### EXERCISE
In the copy, include every record below exactly as it appears, but no pictures.

(Collected data)
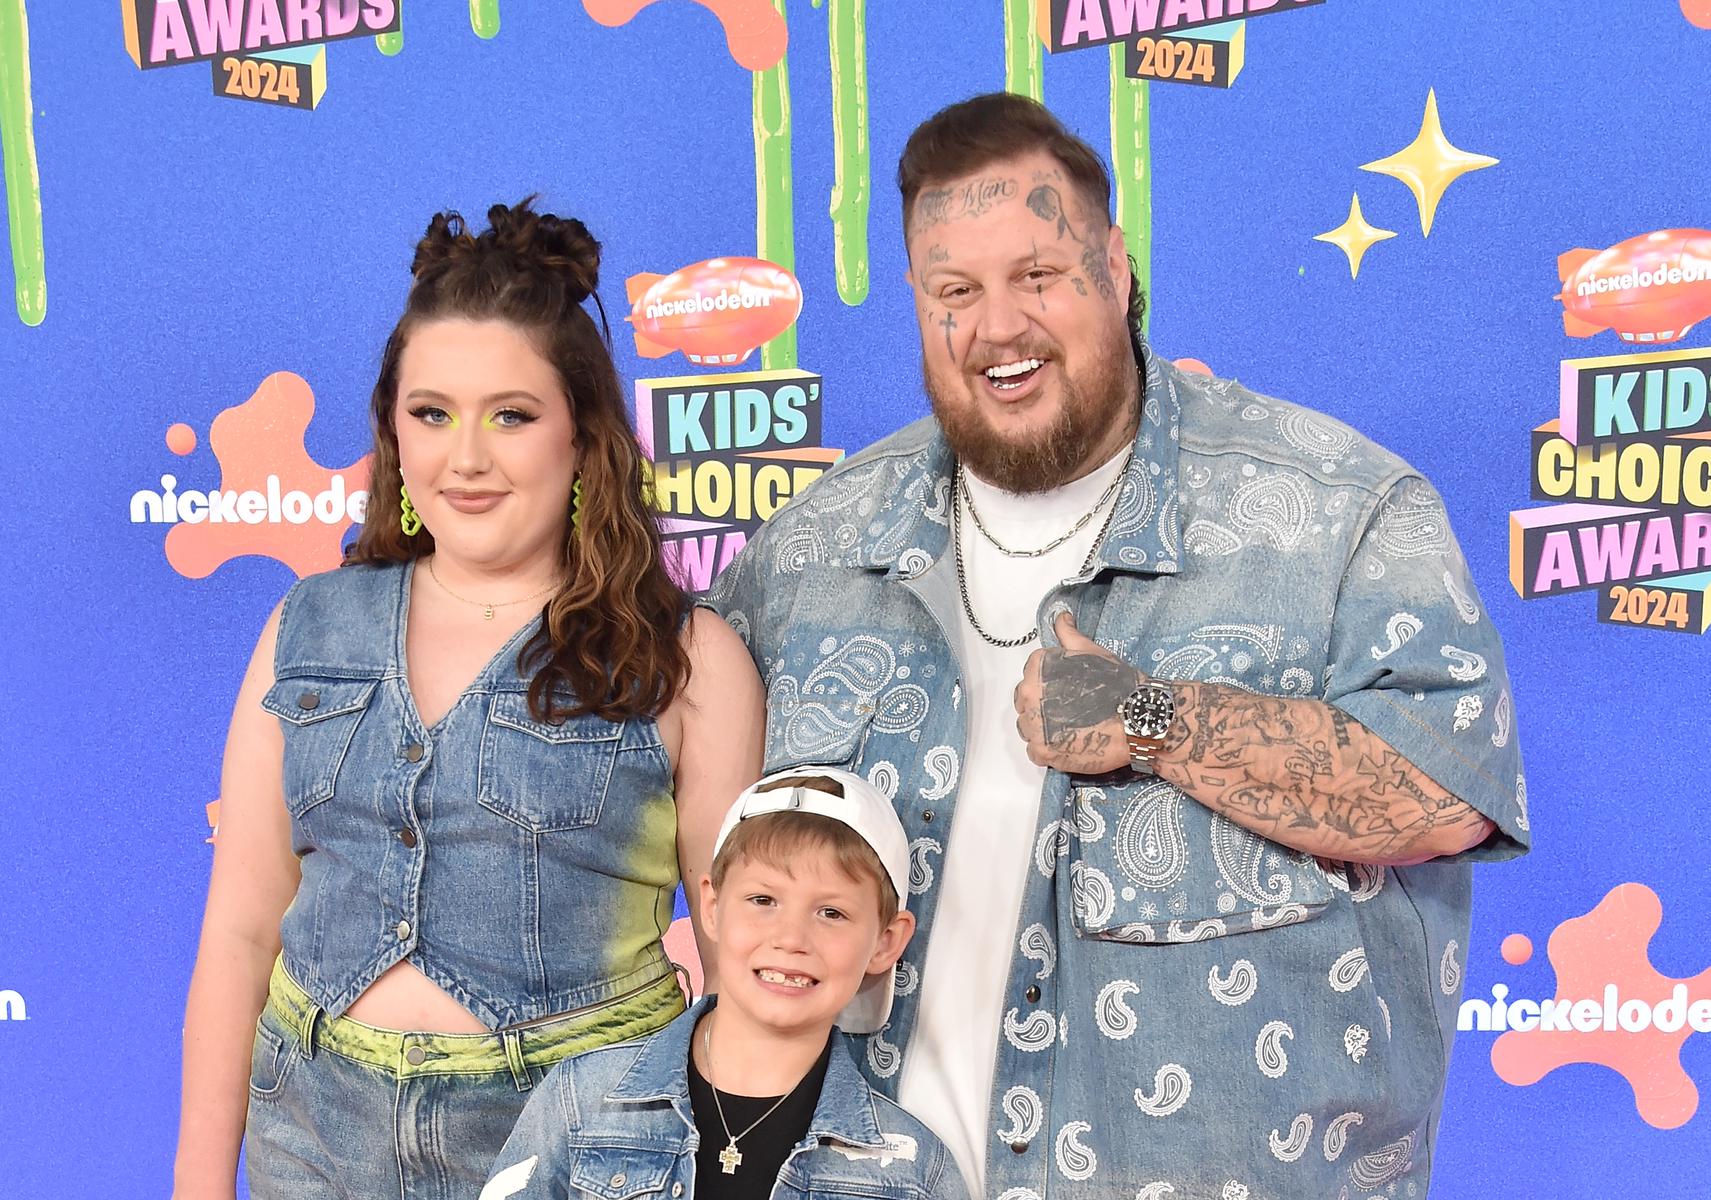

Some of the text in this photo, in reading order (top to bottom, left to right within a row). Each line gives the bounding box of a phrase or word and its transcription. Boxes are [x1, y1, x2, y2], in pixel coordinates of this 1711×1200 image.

[150, 0, 395, 63] AWARDS
[223, 57, 299, 103] 2024
[1136, 37, 1215, 82] 2024
[1577, 262, 1711, 296] nickelodeon
[646, 288, 770, 319] nickelodeon
[668, 383, 820, 454] KIDS'
[1594, 366, 1711, 437] KID
[1609, 585, 1688, 628] 2024
[1457, 983, 1711, 1033] nickelode
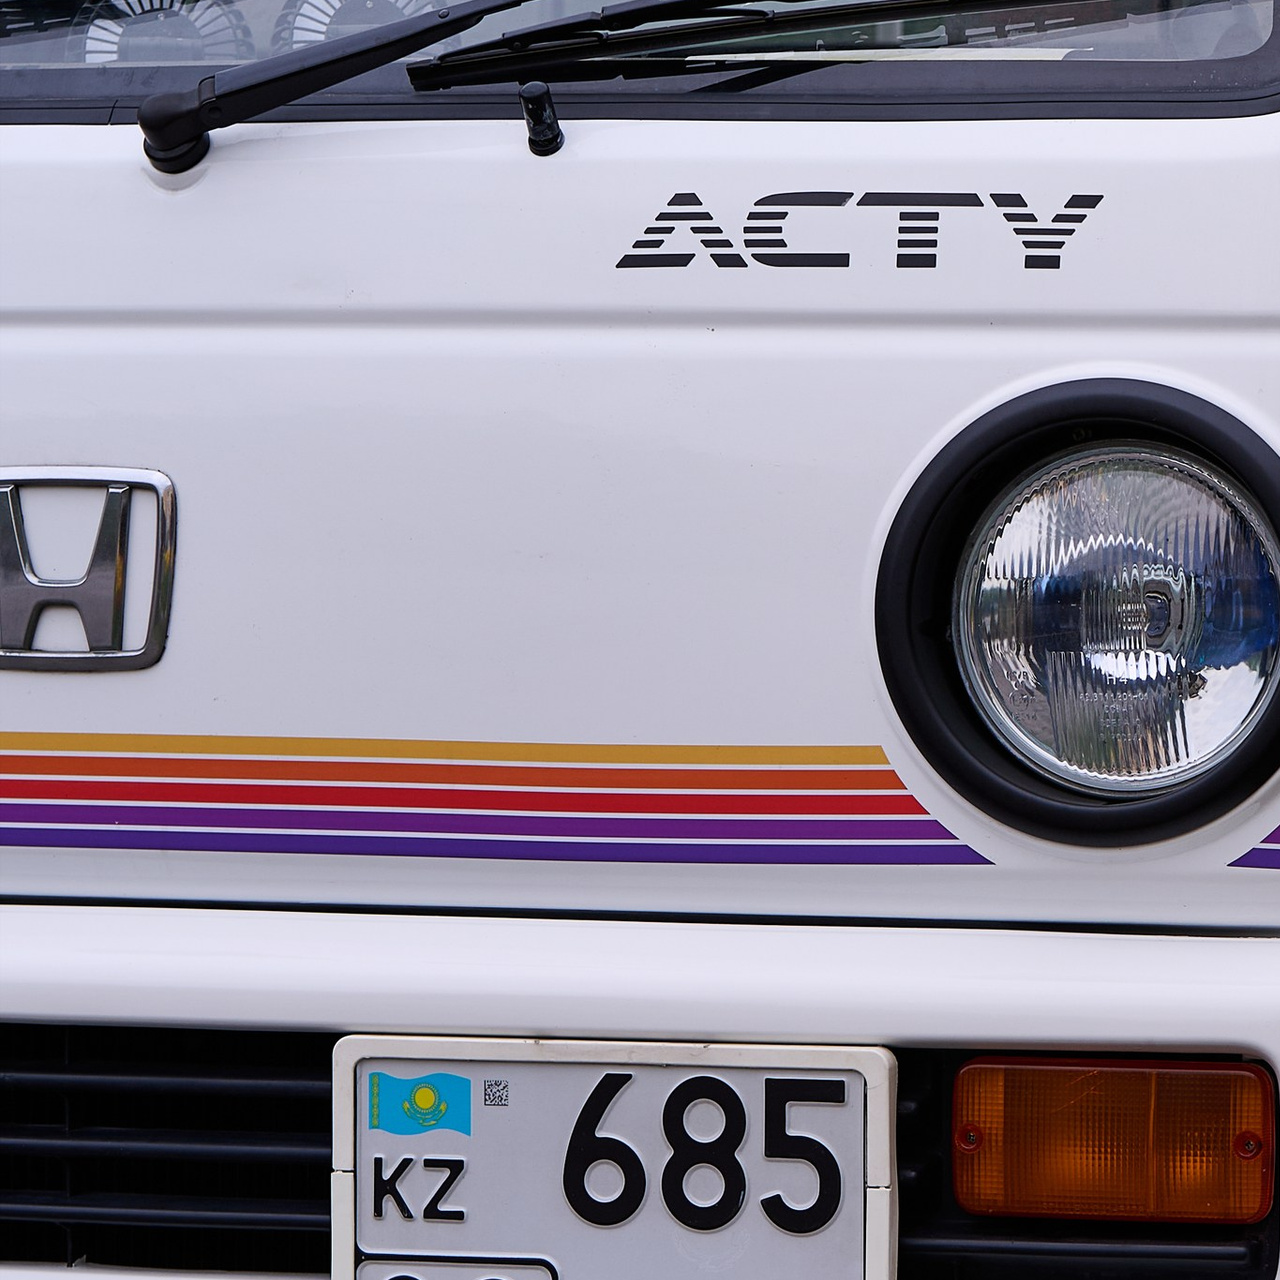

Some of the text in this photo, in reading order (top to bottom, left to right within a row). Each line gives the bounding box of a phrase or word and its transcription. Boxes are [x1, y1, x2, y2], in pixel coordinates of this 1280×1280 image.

[615, 191, 1104, 269] ACTY
[372, 1156, 465, 1220] KZ
[562, 1072, 846, 1234] 685
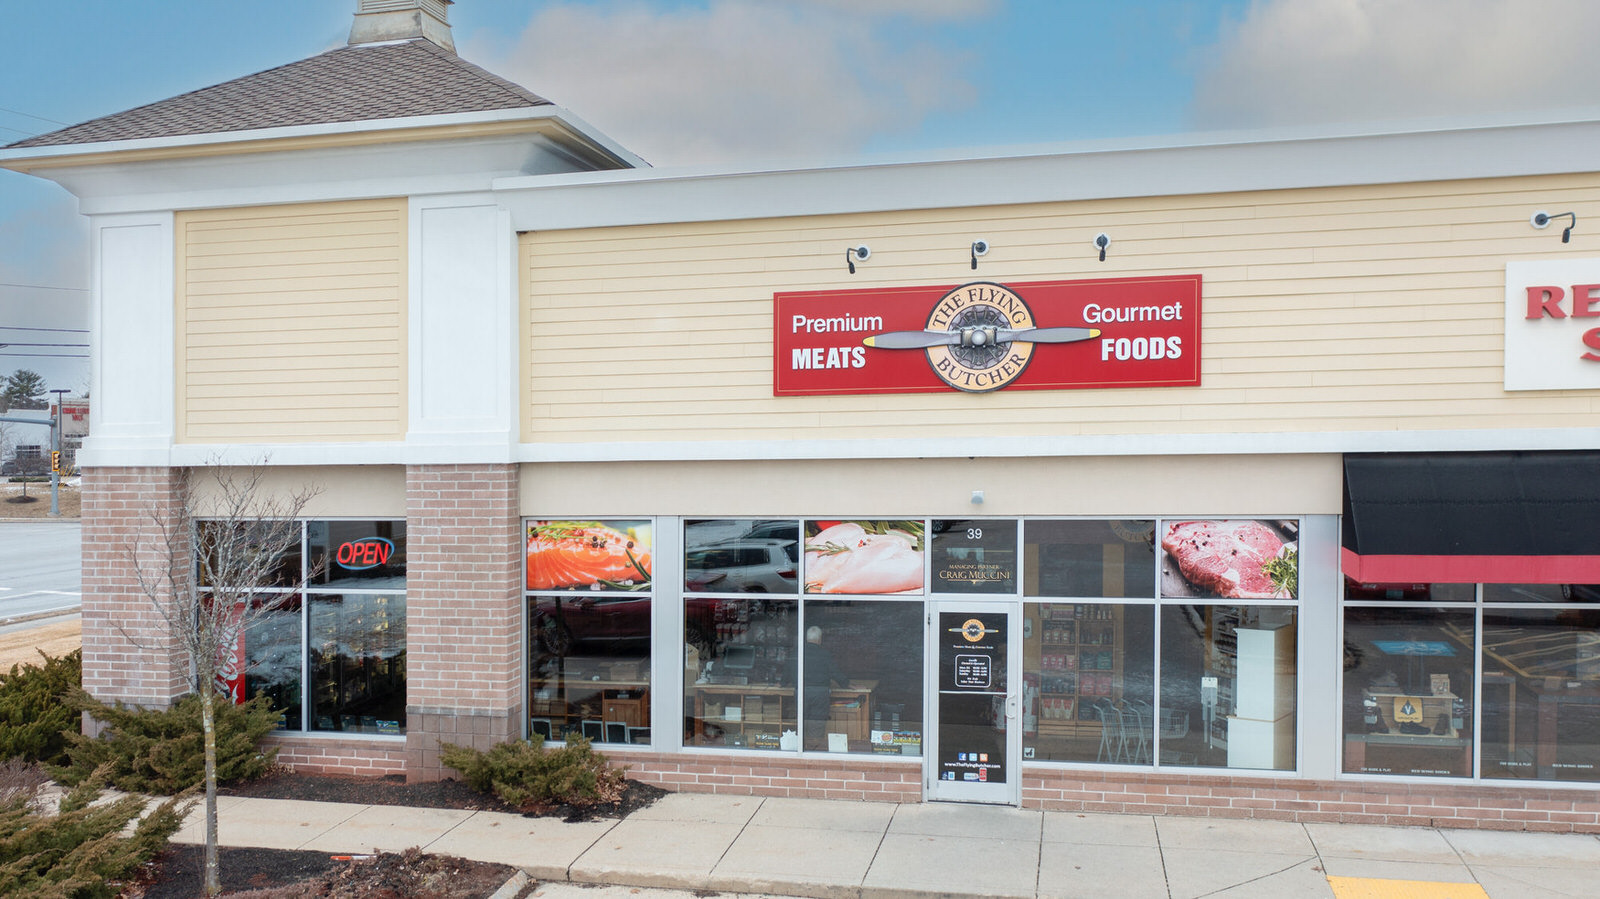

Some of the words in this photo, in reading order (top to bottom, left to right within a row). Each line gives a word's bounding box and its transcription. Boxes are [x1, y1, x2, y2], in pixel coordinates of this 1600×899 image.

[932, 294, 965, 327] THE
[967, 288, 1026, 324] FLYING
[1083, 301, 1182, 324] Gourmet
[792, 313, 883, 333] Premium
[792, 346, 866, 370] MEATS
[1101, 336, 1182, 361] FOODS
[936, 353, 1026, 386] BUTCHER
[967, 528, 983, 540] 39
[337, 542, 389, 565] OPEN
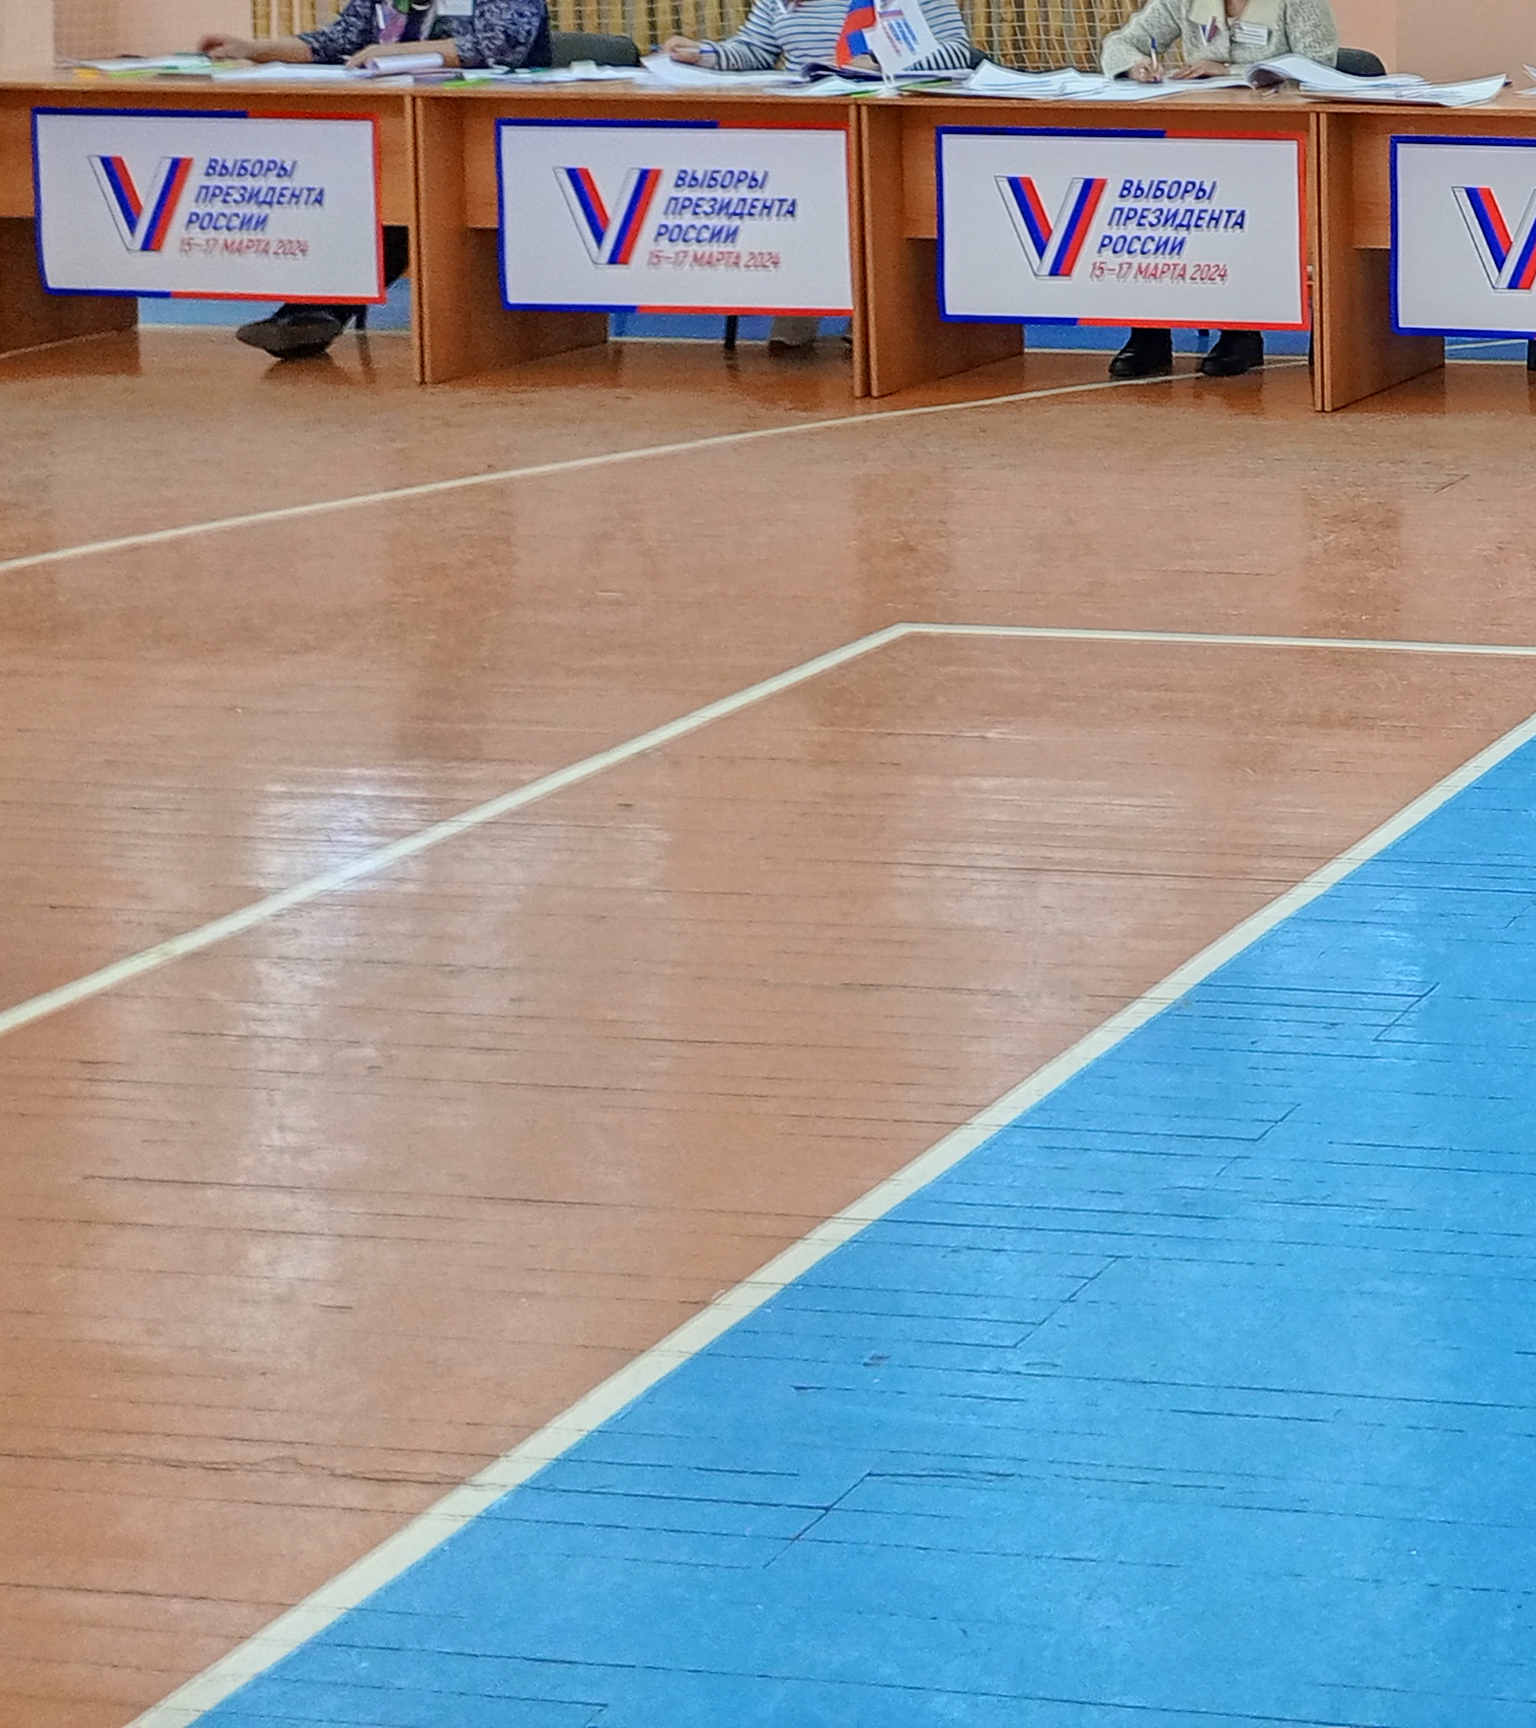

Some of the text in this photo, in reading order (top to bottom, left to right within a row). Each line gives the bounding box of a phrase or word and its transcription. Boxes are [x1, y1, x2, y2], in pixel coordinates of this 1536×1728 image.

### COMPLETED TASK
Some of the text in this photo, in reading order (top to bottom, left to right within a row). Each line gives the bounding box of a phrase or word and its transcription. Boxes are [x1, y1, x2, y2], in pixel coordinates of this 1711×1200 image.

[150, 0, 395, 63] AWARDS
[223, 57, 299, 103] 2024
[1136, 37, 1215, 82] 2024
[1577, 262, 1711, 296] nickelodeon
[646, 288, 770, 319] nickelodeon
[668, 383, 820, 454] KIDS'
[1594, 366, 1711, 437] KID
[1609, 585, 1688, 628] 2024
[1457, 983, 1711, 1033] nickelode

Some of the text in this photo, in reading order (top to bottom, left to right within a row). Each line gives the bounding box of a phrase or word and its transcription. Boxes are [x1, y1, x2, y2], in pixel coordinates of this 1280×1280 image.

[615, 191, 1104, 269] ACTY
[372, 1156, 465, 1220] KZ
[562, 1072, 846, 1234] 685

Some of the words in this photo, in reading order (top to bottom, left to right within a row). Each line gives a word's bounding box and its transcription. Boxes are [x1, y1, x2, y2], in pixel coordinates of this 1600×899 image.

[932, 294, 965, 327] THE
[967, 288, 1026, 324] FLYING
[1083, 301, 1182, 324] Gourmet
[792, 313, 883, 333] Premium
[792, 346, 866, 370] MEATS
[1101, 336, 1182, 361] FOODS
[936, 353, 1026, 386] BUTCHER
[967, 528, 983, 540] 39
[337, 542, 389, 565] OPEN

Some of the text in this photo, in reading order (top to bottom, left to right within a row). Each line gives the bounding box of a phrase or word and its transcription. Boxes are [x1, y1, x2, y2], in pixel coordinates of this 1536×1728 image.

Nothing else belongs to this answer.